Chikara Tanaka 田中力

No. 2 – Yokohama B-Corsairs
- Position: Point guard
- League: B.League

Personal information
- Born: 4 May 2002 (age 23) Aomori, Japan
- Nationality: Japanese
- Listed height: 1.86 m (6 ft 1 in)
- Listed weight: 88 kg (194 lb)

Career information
- High school: IMG Academy (Bradenton, Florida); Veritas National Prep School (Santa Fe Springs, California);
- College: Bethel (2022-2023)

Career history
- 2023-present: Yokohama B-Corsairs

= Chikara Tanaka =

Japanese basketball player (born 2002)

Chikara Tanaka (田中力, たなか ちから, Tanaka Chikara) is a Japanese basketball player for Yokohama B-Corsairs. He previously attended IMG Academy in Bradenton, Florida.

==Early life and career==
Tanaka was born in Aomori Prefecture to an American father and a Japanese mother. He briefly lived in Hawaiʻi as a child and was raised in Yokohama, Japan. Tanaka grew up skateboarding but was encouraged by his friends to play basketball due to his height.

== High school career ==
Tanaka attended Sakamoto Junior High School in Yokosuka and played for the youth team of the Yokohama B-Corsairs. In 2017, he led his team to second place at the B.League Under-15 Championship.

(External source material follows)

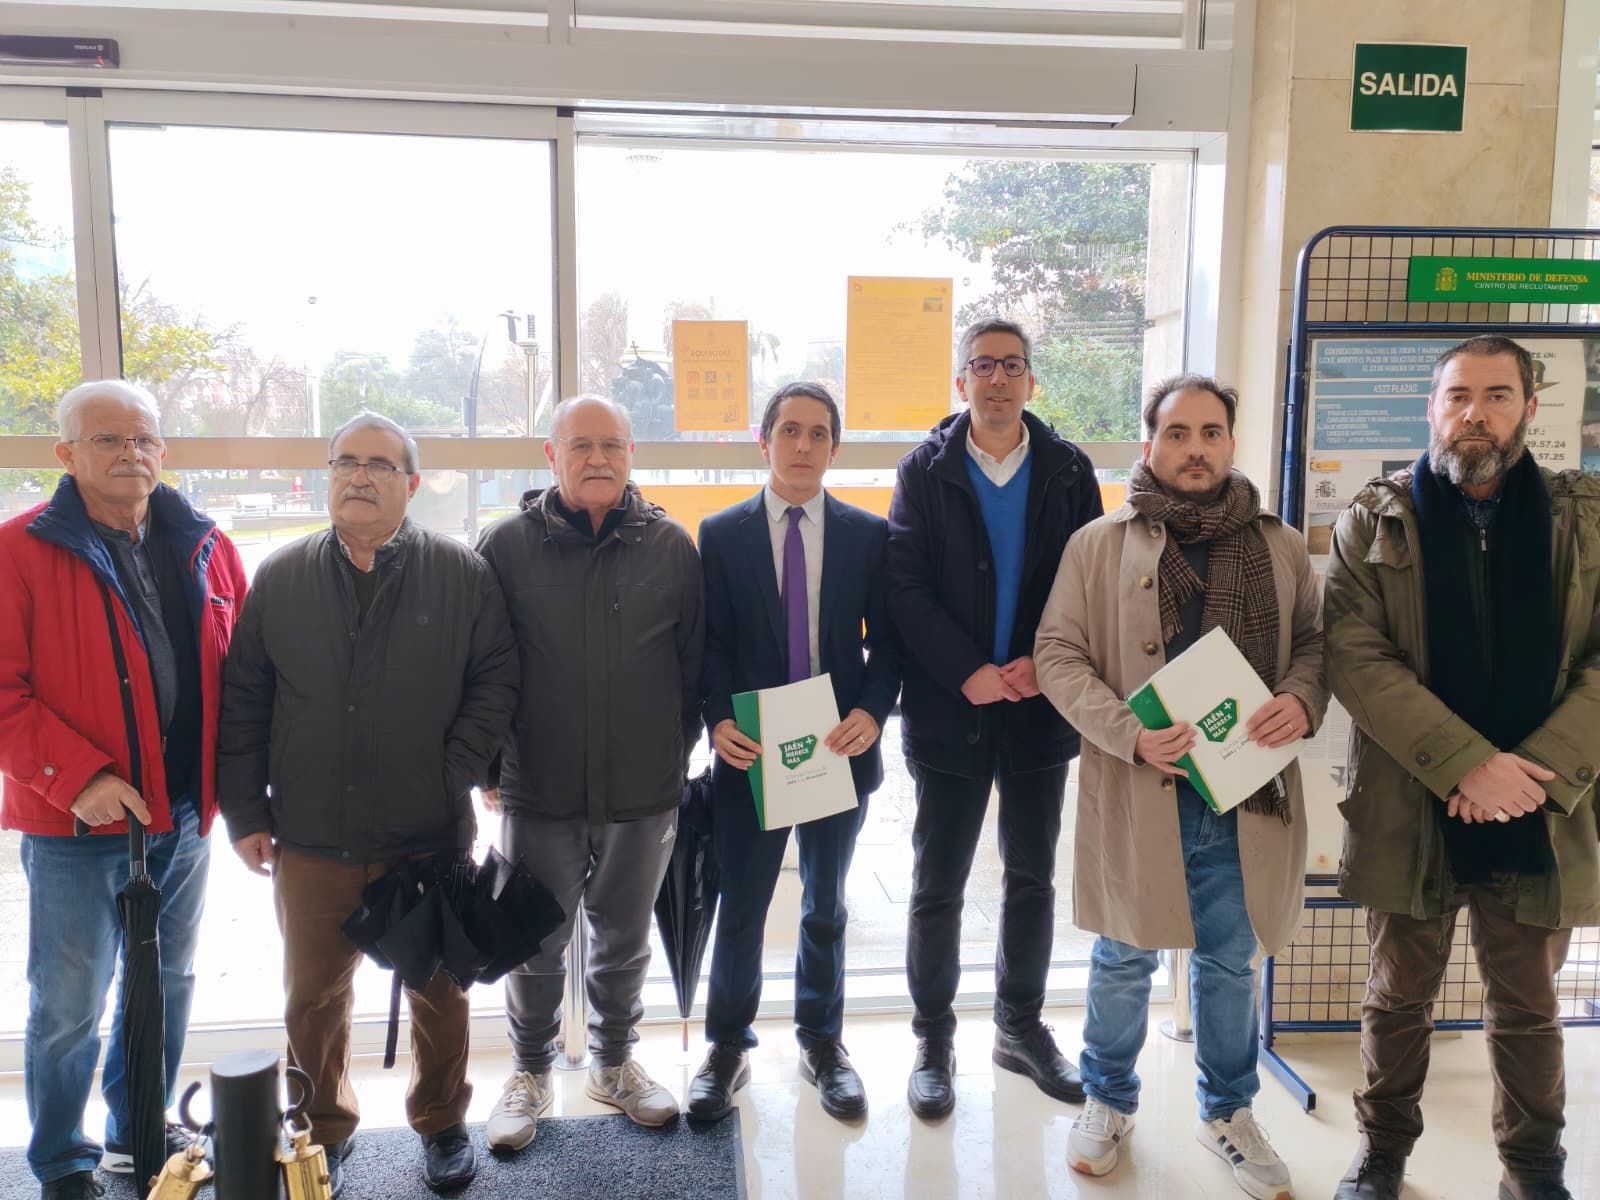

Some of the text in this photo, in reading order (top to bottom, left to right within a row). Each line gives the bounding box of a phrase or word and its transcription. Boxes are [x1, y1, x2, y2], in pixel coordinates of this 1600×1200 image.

In 2018, Tanaka began attending IMG Academy in Bradenton, Florida, joining one of the best high school teams in the United States.

In February 2019, he participated in the Basketball Without Borders Global Camp during 2019 NBA All-Star Weekend in Charlotte, North Carolina.

In 2020, Tanaka left IMG due to mental health issues off court and transferred to Kahuku High School in Kahuku, Hawaiʻi. After the season was canceled due to the COVID-19 pandemic, he traveled to Utah where he attended the All-Academic Basketball camp and received an offer from the University of Utah. However, Tanaka lost his roster spot due to the extension given by the NCAA Division I Council to all players for the pandemic-altered season.

In 2021, he transferred to Veritas National Prep School in Santa Fe Springs, California, where he continued his post-graduate.

Tanaka played for the Bethel University men's basketball team for the 2022-2023. He left the team to pursue a professional career in his native Japan

==National team career==
In January 2018, Tanaka led the Japanese under-16 team to the title of the Crystal Bohemia Cup in the Czech Republic, earning tournament most valuable player honors. Later that year, he averaged 15.2 points, 4.5 rebounds and 1.7 assists per game for Japan at the FIBA Under-16 Asian Championship. Tanaka was invited to training camp with the Japanese senior national team for the 2019 FIBA Basketball World Cup qualification stage.